* **WHAT TO WORK ON**
Please return the listing below exactly, without any of its pictures.

* **INFORMATION PROVIDED**
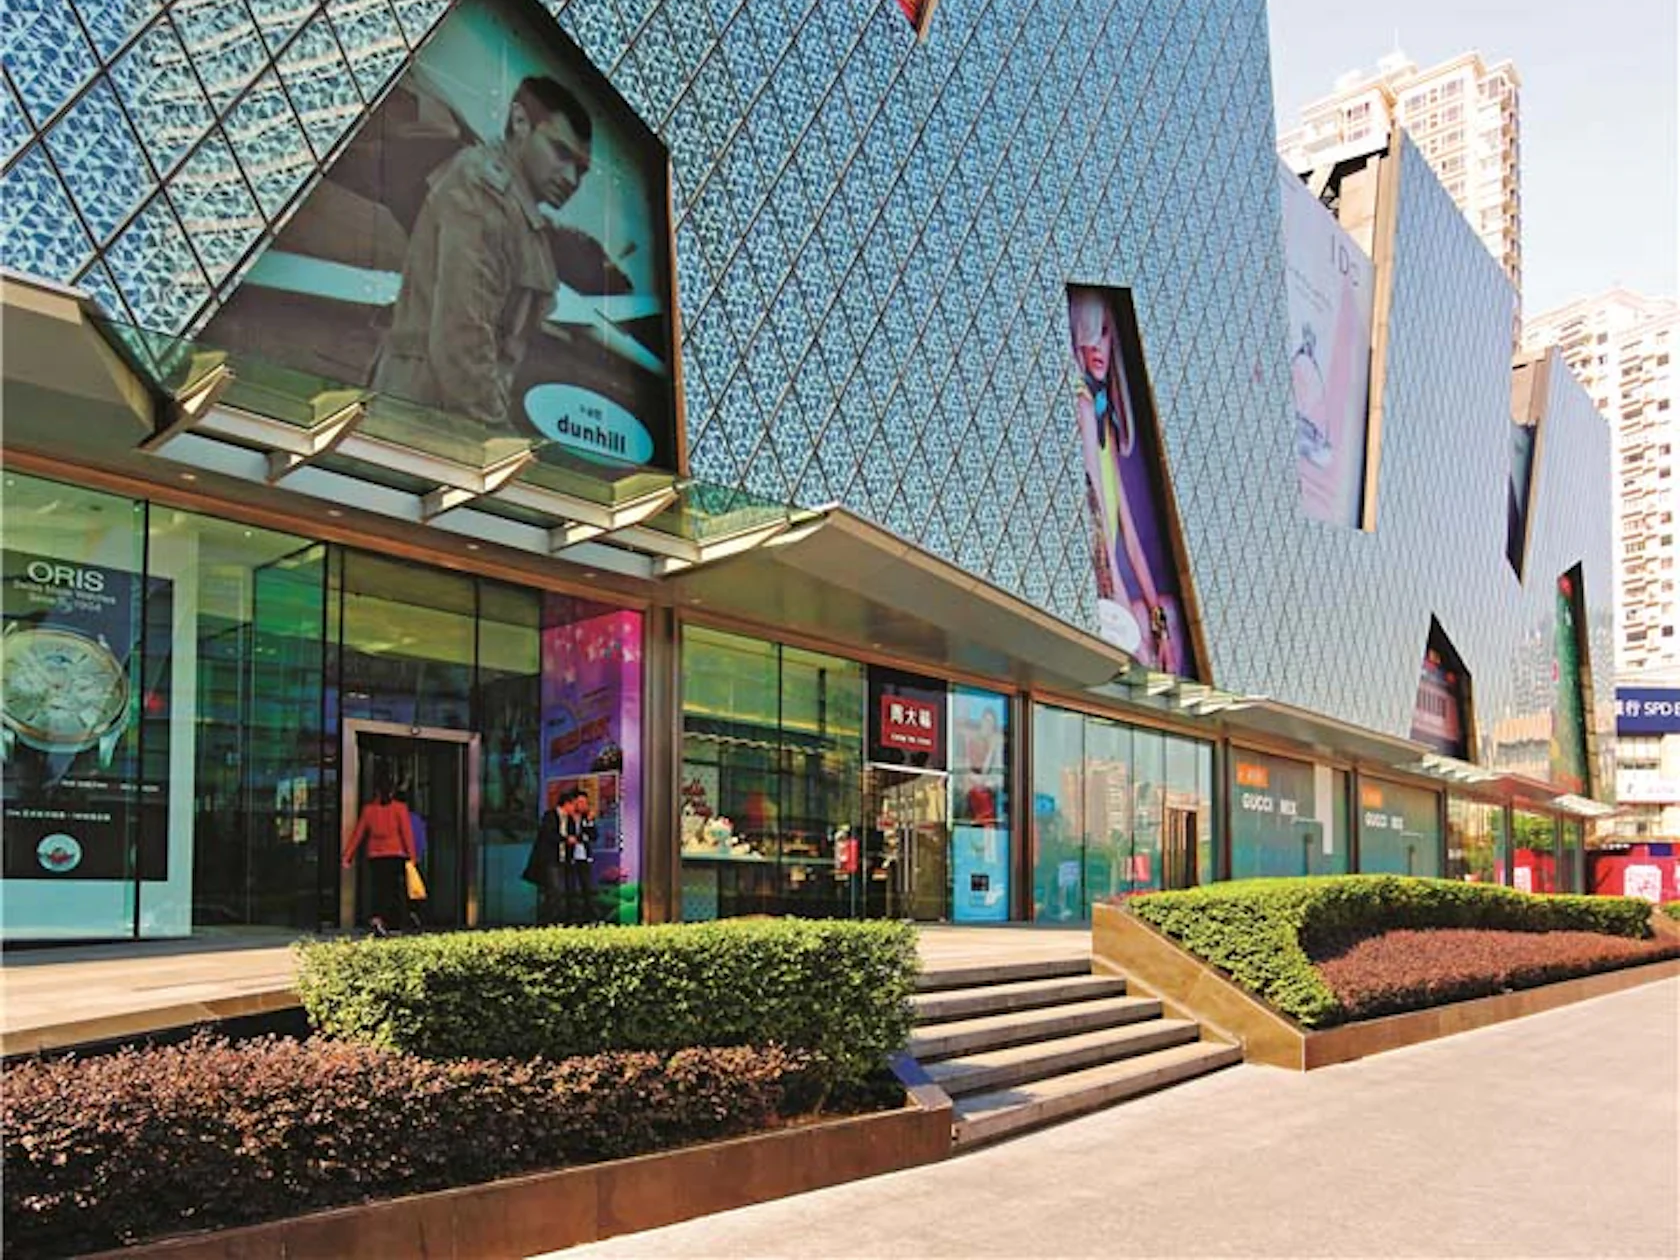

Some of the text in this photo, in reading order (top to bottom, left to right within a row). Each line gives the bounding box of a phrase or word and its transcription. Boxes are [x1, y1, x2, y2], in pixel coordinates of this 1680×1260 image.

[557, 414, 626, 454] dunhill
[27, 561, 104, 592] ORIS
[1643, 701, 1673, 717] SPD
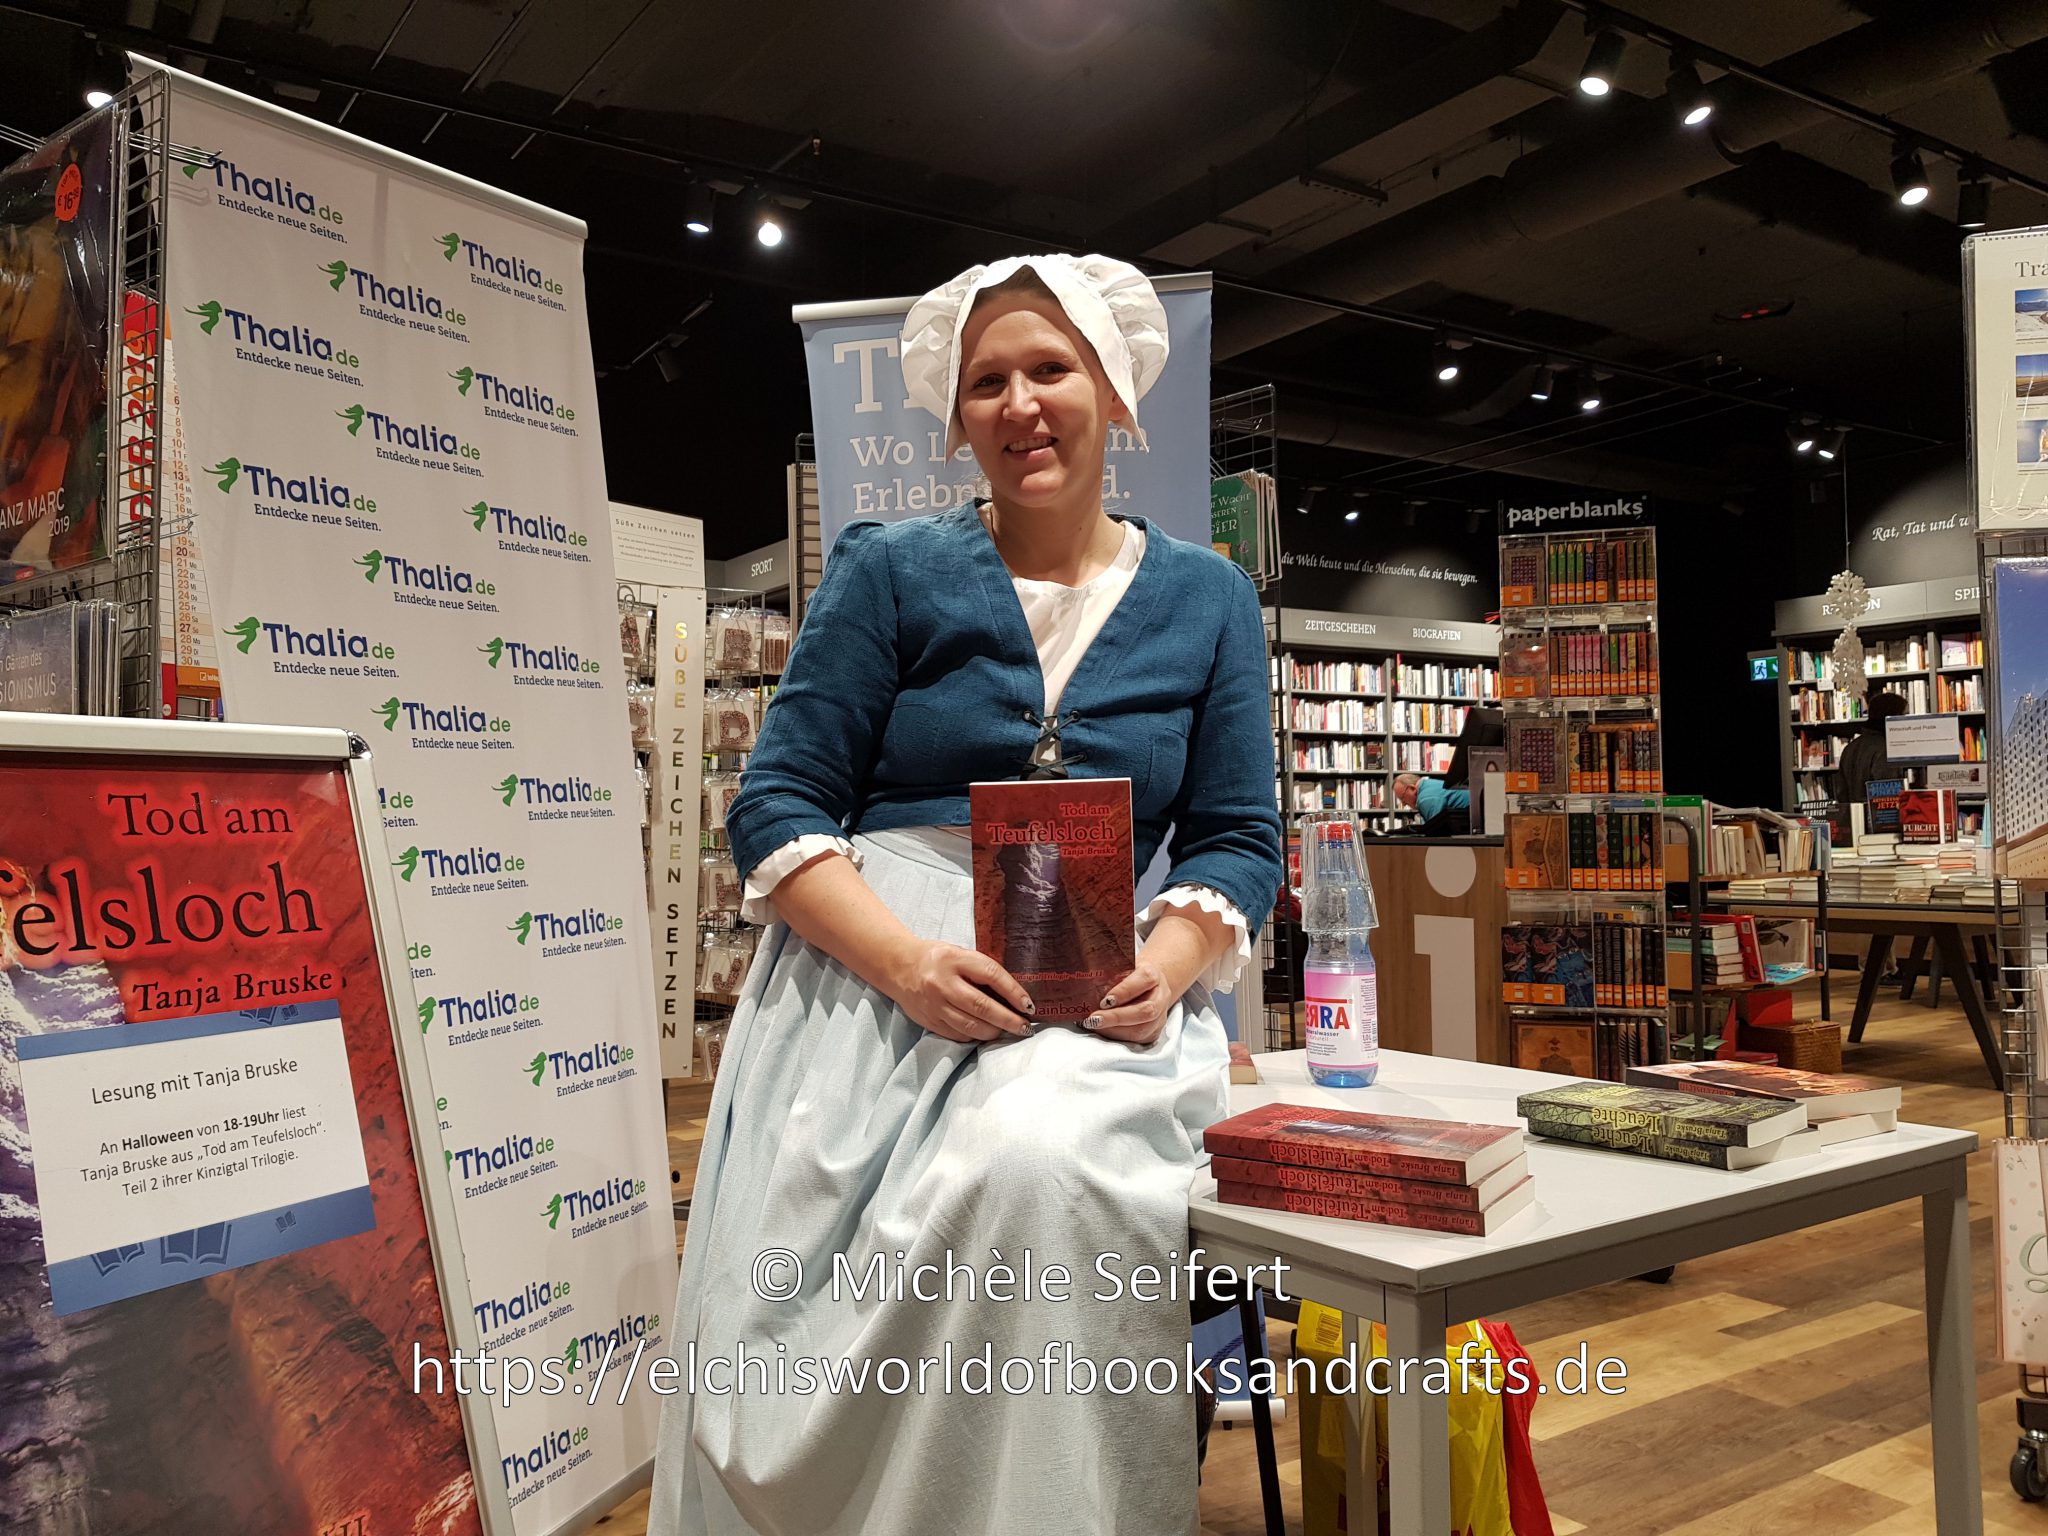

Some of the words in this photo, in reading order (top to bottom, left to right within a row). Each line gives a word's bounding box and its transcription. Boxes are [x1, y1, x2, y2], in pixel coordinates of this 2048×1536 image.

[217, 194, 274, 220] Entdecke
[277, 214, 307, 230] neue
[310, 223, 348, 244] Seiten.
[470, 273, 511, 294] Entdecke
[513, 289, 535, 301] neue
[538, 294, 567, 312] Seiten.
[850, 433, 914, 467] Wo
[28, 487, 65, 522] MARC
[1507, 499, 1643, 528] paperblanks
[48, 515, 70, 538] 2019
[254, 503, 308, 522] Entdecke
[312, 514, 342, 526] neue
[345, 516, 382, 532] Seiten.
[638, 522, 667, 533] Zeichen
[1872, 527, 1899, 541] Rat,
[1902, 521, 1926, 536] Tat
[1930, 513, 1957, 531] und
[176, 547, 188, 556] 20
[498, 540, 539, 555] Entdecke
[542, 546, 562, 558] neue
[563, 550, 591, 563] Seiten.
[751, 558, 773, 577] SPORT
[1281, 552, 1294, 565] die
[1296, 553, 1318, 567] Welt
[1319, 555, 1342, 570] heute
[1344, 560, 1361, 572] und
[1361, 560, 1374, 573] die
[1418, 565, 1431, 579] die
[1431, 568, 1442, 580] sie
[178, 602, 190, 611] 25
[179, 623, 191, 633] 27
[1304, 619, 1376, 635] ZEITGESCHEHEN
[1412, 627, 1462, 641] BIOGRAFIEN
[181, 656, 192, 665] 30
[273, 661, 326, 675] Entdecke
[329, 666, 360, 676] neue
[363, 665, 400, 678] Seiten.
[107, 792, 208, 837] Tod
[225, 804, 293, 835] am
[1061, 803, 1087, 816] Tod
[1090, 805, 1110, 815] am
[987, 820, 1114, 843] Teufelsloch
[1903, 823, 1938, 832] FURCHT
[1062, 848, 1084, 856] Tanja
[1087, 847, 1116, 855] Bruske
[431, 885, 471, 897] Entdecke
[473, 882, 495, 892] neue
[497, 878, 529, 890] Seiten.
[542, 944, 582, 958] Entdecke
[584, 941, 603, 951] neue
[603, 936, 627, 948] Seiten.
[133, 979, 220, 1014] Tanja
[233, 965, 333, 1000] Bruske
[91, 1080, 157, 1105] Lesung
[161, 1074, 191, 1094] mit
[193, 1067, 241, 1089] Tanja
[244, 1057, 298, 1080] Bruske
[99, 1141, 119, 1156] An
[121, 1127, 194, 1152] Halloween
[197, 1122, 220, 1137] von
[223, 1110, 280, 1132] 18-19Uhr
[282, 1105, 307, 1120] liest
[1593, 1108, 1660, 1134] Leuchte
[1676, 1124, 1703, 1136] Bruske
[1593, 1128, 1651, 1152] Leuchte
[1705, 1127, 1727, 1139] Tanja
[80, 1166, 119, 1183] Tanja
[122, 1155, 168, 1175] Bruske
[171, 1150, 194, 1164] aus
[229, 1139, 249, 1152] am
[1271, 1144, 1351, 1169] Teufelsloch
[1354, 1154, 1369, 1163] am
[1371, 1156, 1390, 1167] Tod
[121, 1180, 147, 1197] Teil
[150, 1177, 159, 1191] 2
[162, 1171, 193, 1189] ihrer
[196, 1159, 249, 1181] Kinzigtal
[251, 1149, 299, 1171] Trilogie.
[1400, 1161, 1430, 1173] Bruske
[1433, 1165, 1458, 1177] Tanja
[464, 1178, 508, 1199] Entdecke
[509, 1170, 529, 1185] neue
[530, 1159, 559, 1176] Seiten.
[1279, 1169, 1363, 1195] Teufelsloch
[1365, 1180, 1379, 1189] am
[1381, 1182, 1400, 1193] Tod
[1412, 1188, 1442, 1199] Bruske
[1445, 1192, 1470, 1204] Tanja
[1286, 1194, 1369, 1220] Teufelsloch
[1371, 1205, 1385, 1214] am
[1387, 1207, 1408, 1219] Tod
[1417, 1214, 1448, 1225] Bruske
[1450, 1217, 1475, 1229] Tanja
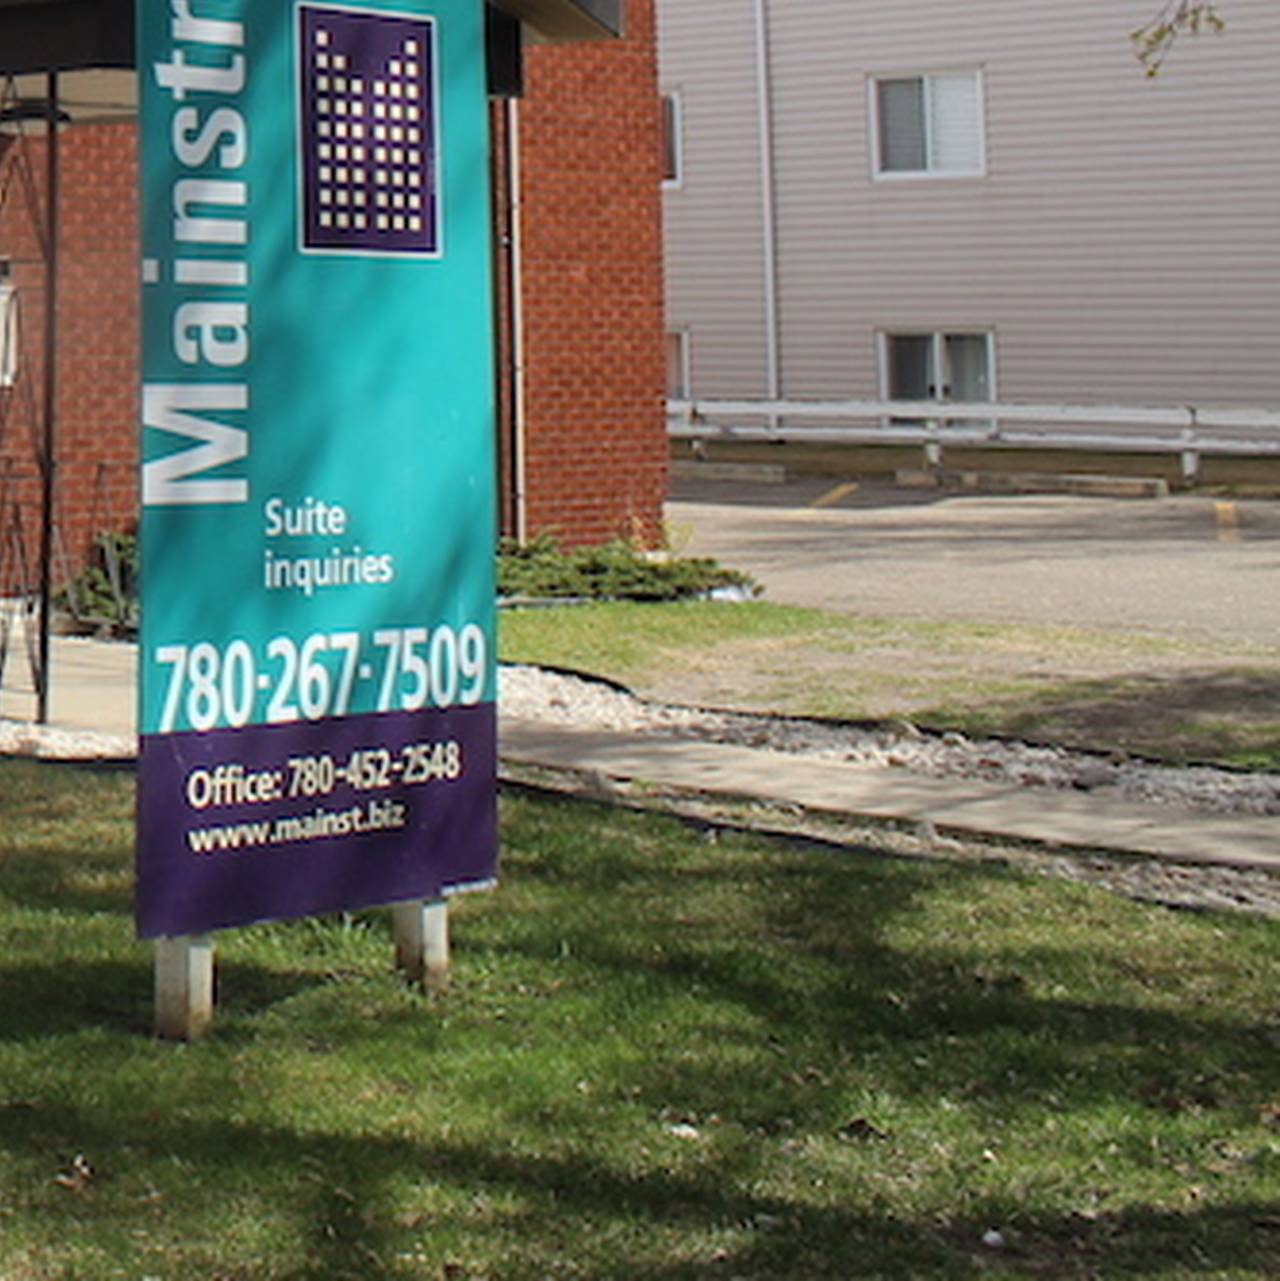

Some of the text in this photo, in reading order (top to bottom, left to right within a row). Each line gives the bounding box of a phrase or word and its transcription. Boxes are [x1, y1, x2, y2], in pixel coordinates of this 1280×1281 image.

* **EXERCISE ANSWER**
Some of the text in this photo, in reading order (top to bottom, left to right within a row). Each line gives the bounding box of a phrase or word and its transcription. Boxes are [x1, y1, x2, y2], in pixel coordinates of this 1680×1260 image.

[557, 414, 626, 454] dunhill
[27, 561, 104, 592] ORIS
[1643, 701, 1673, 717] SPD

Some of the words in this photo, in reading order (top to bottom, left to right within a row). Each line gives a word's bounding box and its transcription. Boxes are [x1, y1, x2, y2], in pixel coordinates of this 2048×1536 image.

[217, 194, 274, 220] Entdecke
[277, 214, 307, 230] neue
[310, 223, 348, 244] Seiten.
[470, 273, 511, 294] Entdecke
[513, 289, 535, 301] neue
[538, 294, 567, 312] Seiten.
[850, 433, 914, 467] Wo
[28, 487, 65, 522] MARC
[1507, 499, 1643, 528] paperblanks
[48, 515, 70, 538] 2019
[254, 503, 308, 522] Entdecke
[312, 514, 342, 526] neue
[345, 516, 382, 532] Seiten.
[638, 522, 667, 533] Zeichen
[1872, 527, 1899, 541] Rat,
[1902, 521, 1926, 536] Tat
[1930, 513, 1957, 531] und
[176, 547, 188, 556] 20
[498, 540, 539, 555] Entdecke
[542, 546, 562, 558] neue
[563, 550, 591, 563] Seiten.
[751, 558, 773, 577] SPORT
[1281, 552, 1294, 565] die
[1296, 553, 1318, 567] Welt
[1319, 555, 1342, 570] heute
[1344, 560, 1361, 572] und
[1361, 560, 1374, 573] die
[1418, 565, 1431, 579] die
[1431, 568, 1442, 580] sie
[178, 602, 190, 611] 25
[179, 623, 191, 633] 27
[1304, 619, 1376, 635] ZEITGESCHEHEN
[1412, 627, 1462, 641] BIOGRAFIEN
[181, 656, 192, 665] 30
[273, 661, 326, 675] Entdecke
[329, 666, 360, 676] neue
[363, 665, 400, 678] Seiten.
[107, 792, 208, 837] Tod
[225, 804, 293, 835] am
[1061, 803, 1087, 816] Tod
[1090, 805, 1110, 815] am
[987, 820, 1114, 843] Teufelsloch
[1903, 823, 1938, 832] FURCHT
[1062, 848, 1084, 856] Tanja
[1087, 847, 1116, 855] Bruske
[431, 885, 471, 897] Entdecke
[473, 882, 495, 892] neue
[497, 878, 529, 890] Seiten.
[542, 944, 582, 958] Entdecke
[584, 941, 603, 951] neue
[603, 936, 627, 948] Seiten.
[133, 979, 220, 1014] Tanja
[233, 965, 333, 1000] Bruske
[91, 1080, 157, 1105] Lesung
[161, 1074, 191, 1094] mit
[193, 1067, 241, 1089] Tanja
[244, 1057, 298, 1080] Bruske
[99, 1141, 119, 1156] An
[121, 1127, 194, 1152] Halloween
[197, 1122, 220, 1137] von
[223, 1110, 280, 1132] 18-19Uhr
[282, 1105, 307, 1120] liest
[1593, 1108, 1660, 1134] Leuchte
[1676, 1124, 1703, 1136] Bruske
[1593, 1128, 1651, 1152] Leuchte
[1705, 1127, 1727, 1139] Tanja
[80, 1166, 119, 1183] Tanja
[122, 1155, 168, 1175] Bruske
[171, 1150, 194, 1164] aus
[229, 1139, 249, 1152] am
[1271, 1144, 1351, 1169] Teufelsloch
[1354, 1154, 1369, 1163] am
[1371, 1156, 1390, 1167] Tod
[121, 1180, 147, 1197] Teil
[150, 1177, 159, 1191] 2
[162, 1171, 193, 1189] ihrer
[196, 1159, 249, 1181] Kinzigtal
[251, 1149, 299, 1171] Trilogie.
[1400, 1161, 1430, 1173] Bruske
[1433, 1165, 1458, 1177] Tanja
[464, 1178, 508, 1199] Entdecke
[509, 1170, 529, 1185] neue
[530, 1159, 559, 1176] Seiten.
[1279, 1169, 1363, 1195] Teufelsloch
[1365, 1180, 1379, 1189] am
[1381, 1182, 1400, 1193] Tod
[1412, 1188, 1442, 1199] Bruske
[1445, 1192, 1470, 1204] Tanja
[1286, 1194, 1369, 1220] Teufelsloch
[1371, 1205, 1385, 1214] am
[1387, 1207, 1408, 1219] Tod
[1417, 1214, 1448, 1225] Bruske
[1450, 1217, 1475, 1229] Tanja

Some of the text in this photo, in reading order (top to bottom, left to right within a row). Each line gives the bounding box of a phrase or word and its transcription. Boxes are [x1, y1, x2, y2], in pixel coordinates of this 1280×1281 image.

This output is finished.